[[ INFORMATION SUPPLIED, beginning ]]

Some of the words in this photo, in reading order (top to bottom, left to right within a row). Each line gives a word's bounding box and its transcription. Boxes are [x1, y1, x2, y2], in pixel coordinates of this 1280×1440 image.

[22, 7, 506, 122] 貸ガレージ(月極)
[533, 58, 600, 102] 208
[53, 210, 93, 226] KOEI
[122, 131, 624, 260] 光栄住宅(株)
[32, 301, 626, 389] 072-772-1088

[[ INFORMATION SUPPLIED, end ]]

[YOUR GOAL]:
An exact copy of all the material is what is needed.

[SOLUTION BELOW]:
Some of the words in this photo, in reading order (top to bottom, left to right within a row). Each line gives a word's bounding box and its transcription. Boxes are [x1, y1, x2, y2], in pixel coordinates of this 1280×1440 image.

[22, 7, 506, 122] 貸ガレージ(月極)
[533, 58, 600, 102] 208
[53, 210, 93, 226] KOEI
[122, 131, 624, 260] 光栄住宅(株)
[32, 301, 626, 389] 072-772-1088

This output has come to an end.